California is one of the largest states in the U.S., and it is no surprise that it comprises one of the most diverse populations in the country. California is particularly home to many Mexican immigrants whom President Trump has taken shots at during the election process and even during his presidency. One thing is for sure—Senator Kevin de Leon is not accepting Trump’s separatist conversation, and he boldly made this declaration during an event at University of California, Riverside amongst hundreds of college students.
Not only did Leon address how Trump’s conversations regarding economic policies is against the core values of Americans, but he highlighted how it is even against our own financial progression. Although Trump casually discusses his plan to deport thousands of undocumented immigrants and to build a wall to prevent Mexicans from crossing into the U.S., the reality is that his plan to deport hundreds of thousands of Americans would cost the country billions of dollars. The question then becomes, how are undocumented immigrants draining the U.S. economy and which situation would be more damaging to our long term financial success? It would appear as though having more hands to help shape the U.S. into its finer self would be beneficial than less hands. Senator Leon clearly agrees with this notion, yet, during his speech at UC Riverside, he was still met by a few Trump supporters who heckled him, even referring to him as a traitor. Leon has worked toward fighting against Trump’s administration for some time. He has even provided shelter for illegal immigrants.
Beyond Kevin de Leon fighting the force of President Trump, it is important to understand what is at stake for undocumented immigrants financially. Due to Trump’s threats of deportation, many immigrant families are living in preparation for the worst situation. Similar to Y2K when so many families stocked up on water and dry food supplies, many undocumented families are stocking up on all necessary supplies in case they are required to leave the country that they have come to value as home.
The promise of the pursuit of happiness is semi-crushed for many families in this predicament.

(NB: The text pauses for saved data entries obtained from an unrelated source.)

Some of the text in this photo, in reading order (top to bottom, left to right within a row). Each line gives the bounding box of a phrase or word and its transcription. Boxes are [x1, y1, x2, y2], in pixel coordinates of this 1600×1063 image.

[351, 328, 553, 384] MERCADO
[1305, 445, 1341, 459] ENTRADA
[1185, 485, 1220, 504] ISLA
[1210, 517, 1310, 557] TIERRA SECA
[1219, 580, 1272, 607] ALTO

Spending money on the luxuries of American living could be too costly, especially if that joy is soon to be taken away from family members. This is not just a case of less privileges for a community of people who must be more cost-conservative. This is a case of living on the edge of terror daily in fear that all that one has worked to create in a land of promise could be removed.

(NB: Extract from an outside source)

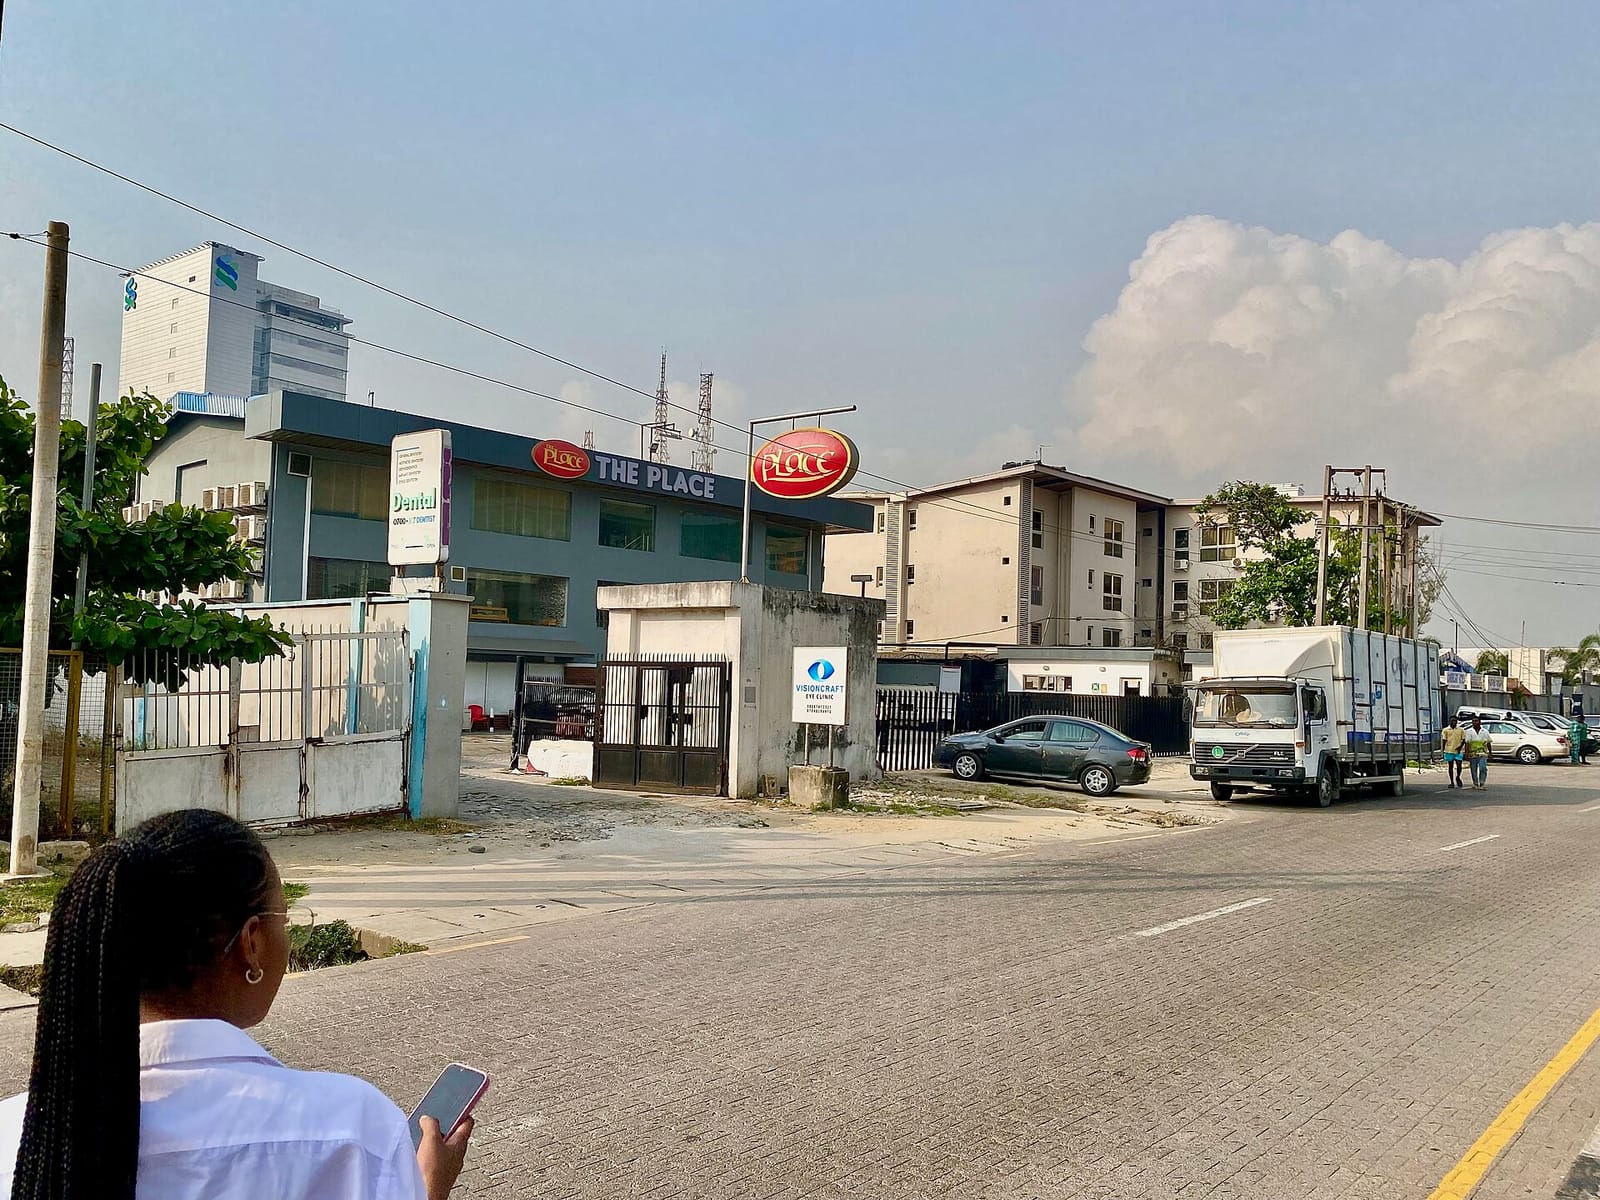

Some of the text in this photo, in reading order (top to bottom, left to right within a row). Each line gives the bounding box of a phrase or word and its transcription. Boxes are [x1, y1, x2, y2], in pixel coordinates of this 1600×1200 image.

[594, 455, 715, 499] THE PLACE
[392, 488, 437, 512] Dental
[796, 684, 844, 692] VISIONCRAFT

Trump’s deportation plan could be massively devastating for Riverside County. A recent data report showed that there are approximately 161,000 undocumented immigrants living in that region. Of those that are considered undocumented, 15,000 are between the ages of 3 and 17. Deportation could have a crippling effect on any person, particularly younger children whose identities have likely been largely formulated in the United States. Overall, we encourage readers to remain updated on how deportation and finances will work to the benefit or detriment of the economy because Trump’s plans appear counterintuitive.